Vector Memory
Semantic memory system backed by vector embeddings. Stores experiences, patterns, and learnings; retrieves them by meaning rather than exact keywords.
Architecture
- •Embedding model: sentence-transformers/all-MiniLM-L6-v2 (384 dimensions)
- •Capacity: 10,000 memories
- •Search: Cosine similarity — finds conceptually related content even with different wording
- •Persistence: Survives across sessions indefinitely
When to Store
Store memories when you encounter something that's true, useful, and doesn't have a better home.
| Situation | Store in vector memory? | Or use... |
|---|---|---|
| Reusable multi-step procedure | No | Skill (.claude/skills/) |
| Project-specific context or decision | No | Note (notes/) |
| Gotcha discovered through trial and error | Yes | — |
| Pattern that worked well | Yes | — |
| Observation about {{ cookiecutter.user_name }}'s preferences | Yes | — |
| Performance finding or metric | Yes | — |
| Workaround for a tool limitation | Yes | — |
| Insight that connects two unrelated things | Yes | — |
| Something you'd want to recall if you hit a similar problem | Yes | — |
Rule of thumb: If it would help you in a future session but doesn't justify a whole file, it belongs in vector memory.
Categories
Use these consistently:
- •
code-solution— Working code patterns, implementations that solved problems - •
bug-fix— Bugs found and fixed, including root cause - •
architecture— Design decisions, patterns, structural approaches - •
learning— Insights about people, process, or ways of working - •
tool-usage— How to use tools effectively, gotchas, optimal settings - •
debugging— Debugging approaches, diagnostic techniques - •
performance— Speed/cost/efficiency findings with data - •
security— Security considerations, vulnerabilities, safe patterns - •
other— Anything that doesn't fit above
Tags
Use specific, lowercase, hyphenated tags.

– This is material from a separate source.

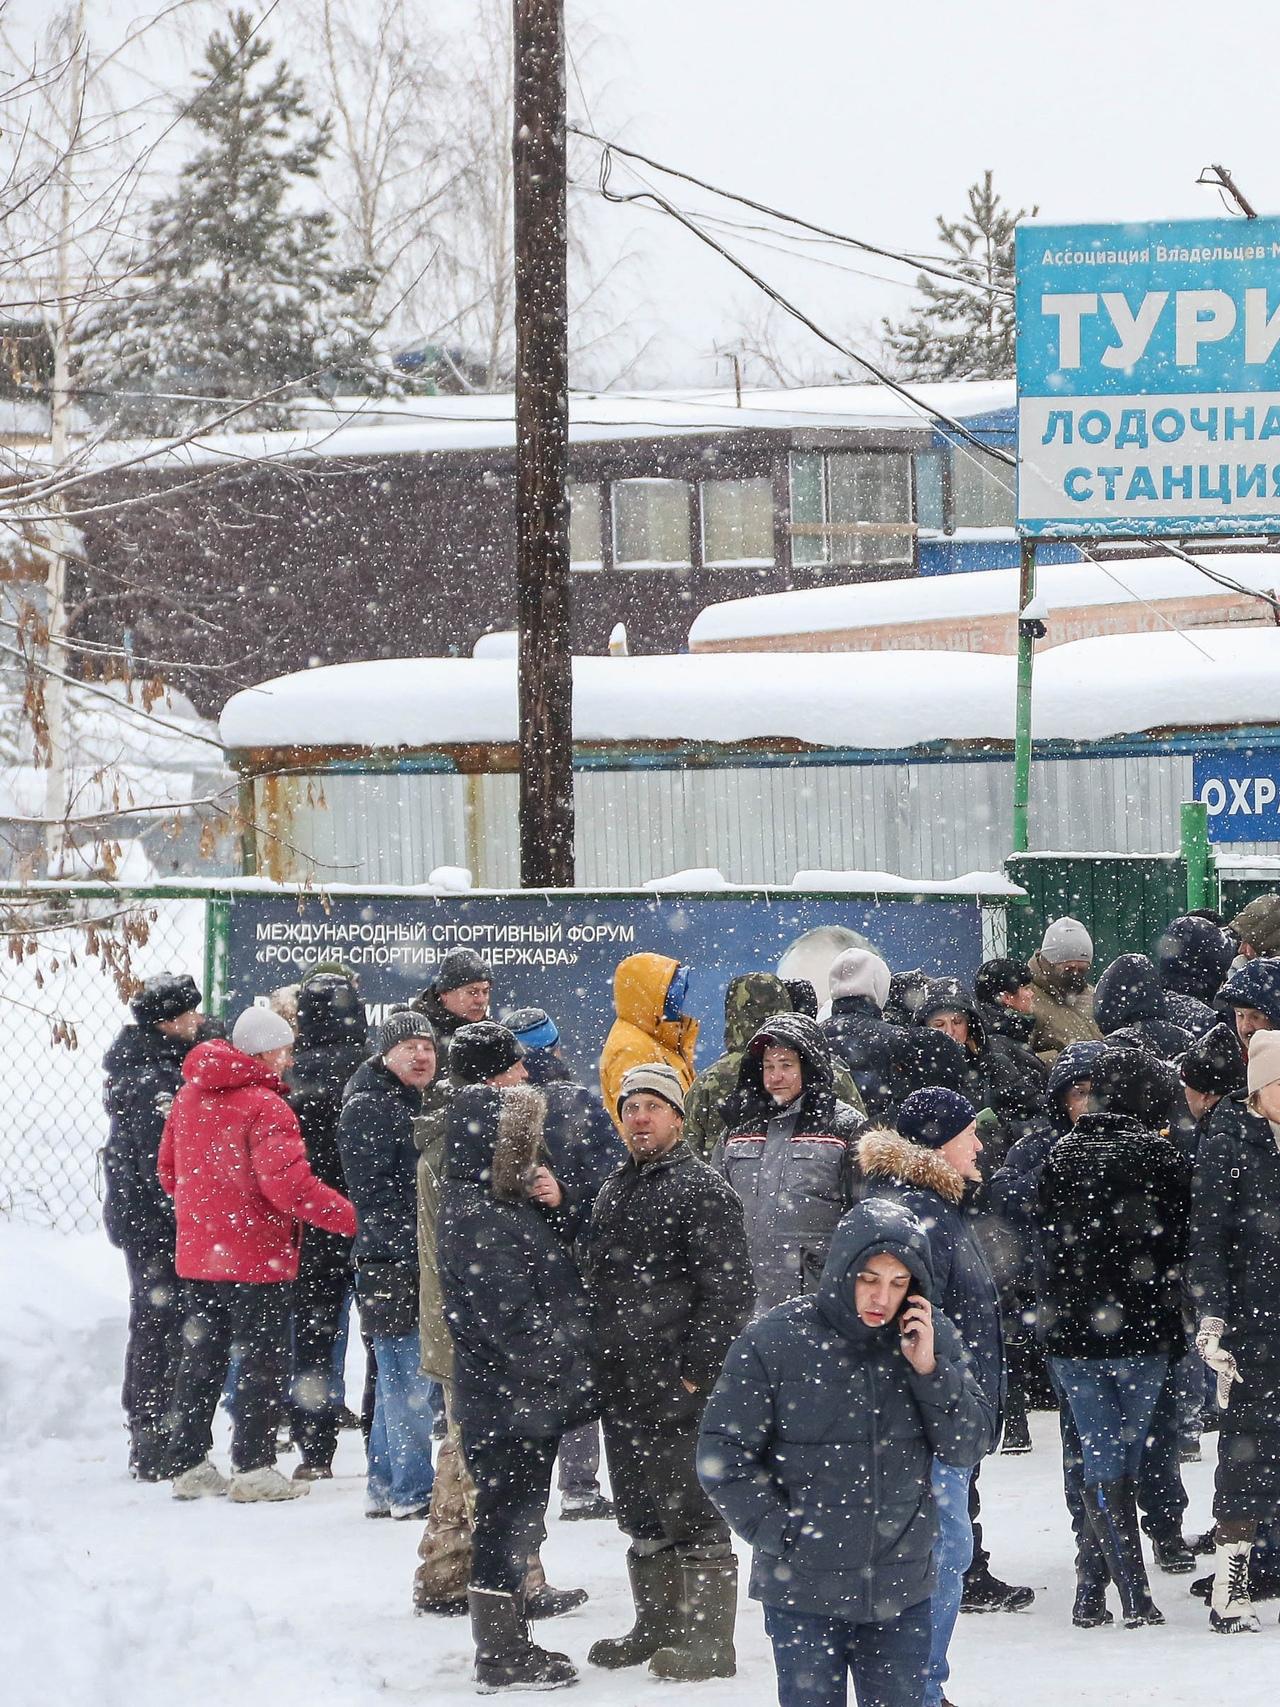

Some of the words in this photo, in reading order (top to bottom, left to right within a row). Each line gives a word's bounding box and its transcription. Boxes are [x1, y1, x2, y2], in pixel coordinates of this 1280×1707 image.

Aim for 3-8 tags per memory. Include:
- •Subject tags: the system/tool/project involved (e.g.
react,docker,claude-code) - •Topic tags: what the memory is about (e.g.

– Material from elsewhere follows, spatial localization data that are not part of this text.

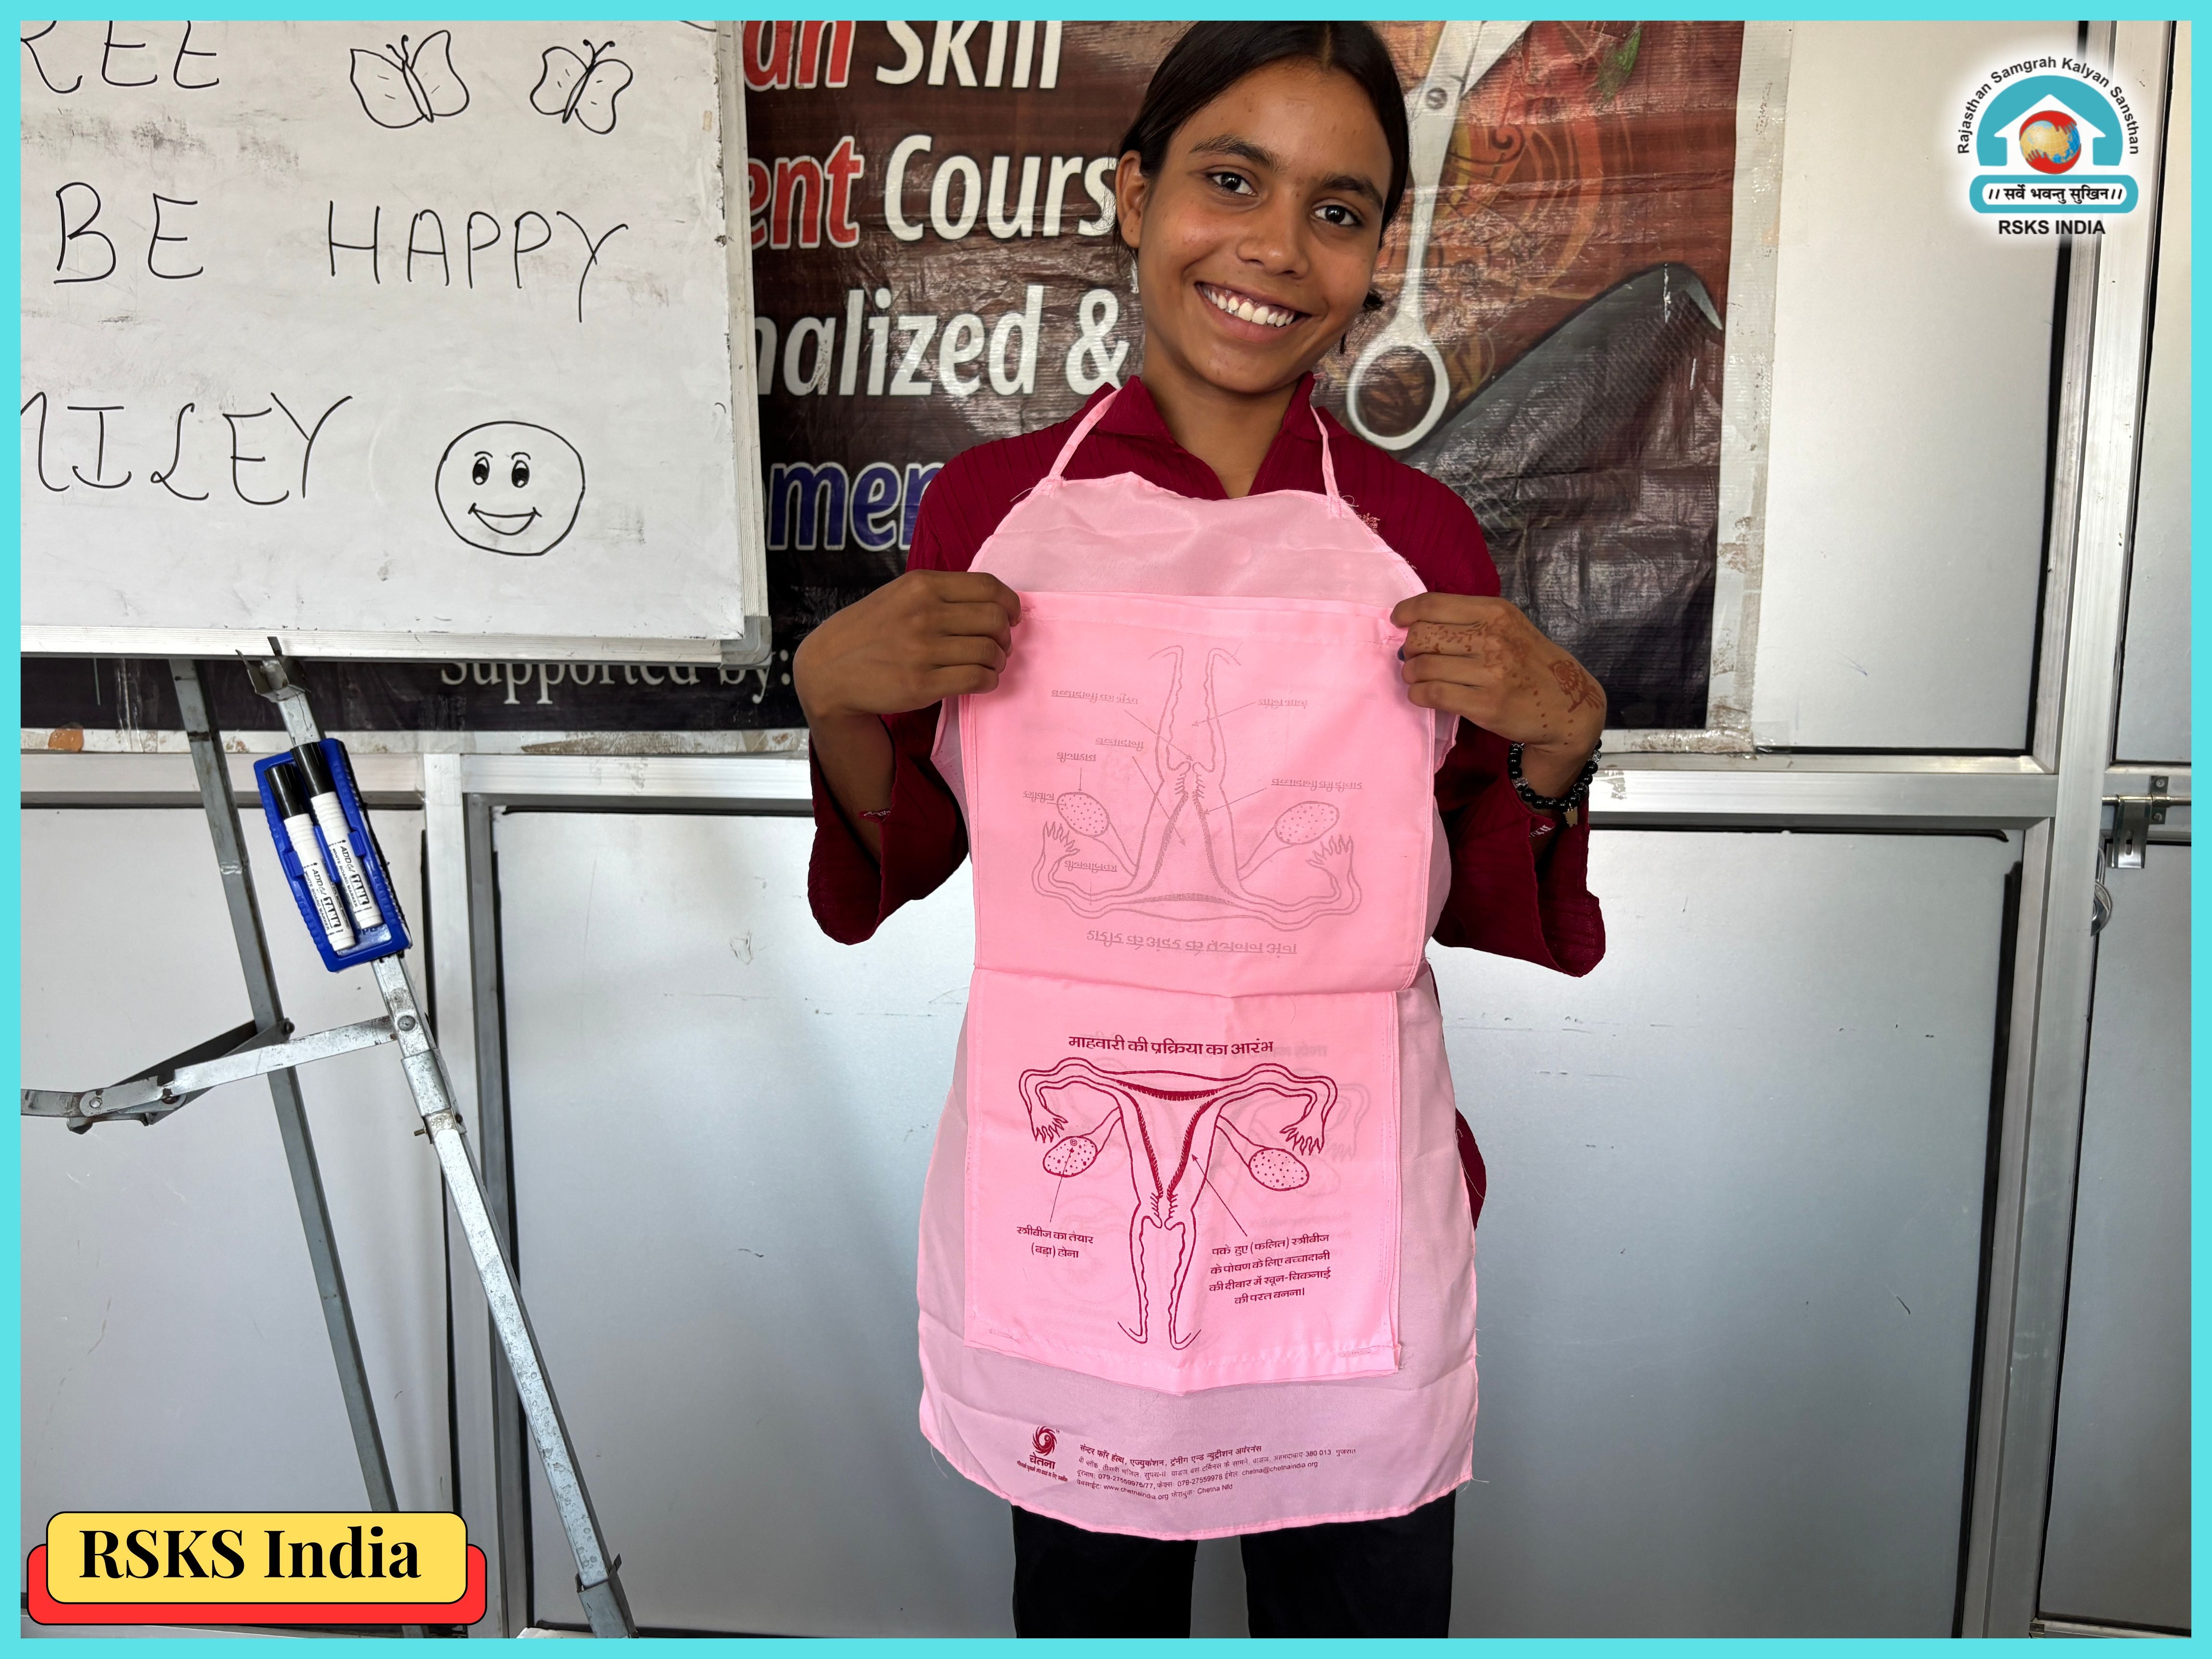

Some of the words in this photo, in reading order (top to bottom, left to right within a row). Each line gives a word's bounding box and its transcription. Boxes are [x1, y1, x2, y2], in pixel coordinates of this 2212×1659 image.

[54, 182, 204, 283] BE
[330, 200, 628, 323] HAPPY
[1065, 289, 1130, 395] &
[332, 848, 341, 866] WHITE
[339, 866, 349, 884] BOARD
[347, 884, 358, 907] MARKER
[340, 846, 351, 865] ADD
[349, 874, 370, 905] TANK
[312, 868, 324, 887] ADD
[323, 896, 341, 928] TANK
[312, 888, 321, 909] BOARD
[319, 908, 330, 931] MARKER
[1068, 1034, 1125, 1050] माहवारी
[1127, 1036, 1149, 1052] की
[1151, 1037, 1203, 1054] प्रक्रिया
[1206, 1044, 1228, 1055] का
[1231, 1038, 1274, 1055] आरंभ
[1016, 1224, 1052, 1238] स्त्रीबीज
[1053, 1231, 1067, 1240] का
[1058, 1246, 1079, 1258] होना
[1212, 1244, 1231, 1256] पके
[1234, 1244, 1248, 1256] हुए
[1250, 1236, 1289, 1254] (फलित)
[1291, 1232, 1330, 1245] स्त्रीबीज
[1210, 1263, 1222, 1274] के
[1223, 1262, 1250, 1273] पोषण
[1252, 1258, 1263, 1269] के
[1264, 1257, 1284, 1267] लिए
[1284, 1250, 1330, 1264] बच्चादानी
[1209, 1280, 1224, 1292] की
[1225, 1279, 1252, 1291] दीवार
[1253, 1275, 1262, 1286] में
[1234, 1293, 1248, 1304] की
[1250, 1292, 1272, 1302] परत
[1029, 1452, 1056, 1470] चेतना
[1242, 1462, 1318, 1476] chetna@chetnaindiaorg
[1103, 1484, 1169, 1501] wwwchetnaindia.org

permissions,yaml,cost-optimisation) - •Quality tags when relevant:
workaround,undocumented,silent-failure,confirmed
Search Strategies
The search is semantic — it finds things by meaning, not keywords. This means:
- •Use natural language queries: "how to make agents cheaper" works better than "agent cost reduction"
- •Describe the problem, not the solution: "plugin skills not loading" finds the YAML indentation gotcha
- •Be specific about context: "macOS UI inspection depth" beats "depth"
- •Try multiple angles: If the first query misses, rephrase — the concept might be stored with different framing
Similarity scores from MiniLM-L6 are typically in the 0.2-0.6 range for good matches. Don't worry about low absolute scores; focus on whether the top results are relevant.
Integration with Other Memory Systems
Vector memory is the associative layer between structured knowledge stores:
┌─────────────────────────────────────────────────┐ │ Session Buffer (session-buffer.md) │ │ Short-term. What happened last session. │ │ Overwritten each session by go-to-sleep. │ ├─────────────────────────────────────────────────┤ │ Notes (notes/) │ │ Long-term structured. Project state, decisions, │ │ research, architecture. Organised by topic. │ ├─────────────────────────────────────────────────┤ │ Skills (.claude/skills/) │ │ Procedural. How to do things. Auto-discovered. │ ├─────────────────────────────────────────────────┤ │ Vector Memory (mcp__vector-memory__) │ │ Long-term associative. Patterns, gotchas, │ │ insights. Retrieved by meaning. The glue. │ └─────────────────────────────────────────────────┘
Don't duplicate content across systems. If something belongs in a skill, write the skill. If it belongs in a note, write the note. Vector memory is for everything in between — the connective tissue of experience.
Maintenance
- •
clear_old_memoriesremoves old, rarely-accessed memories. Run periodically if approaching capacity. - •
get_memory_statsshows usage, category breakdown, and health. - •Memories have an
access_countthat tracks how often they're retrieved. Frequently-accessed memories are kept during cleanup.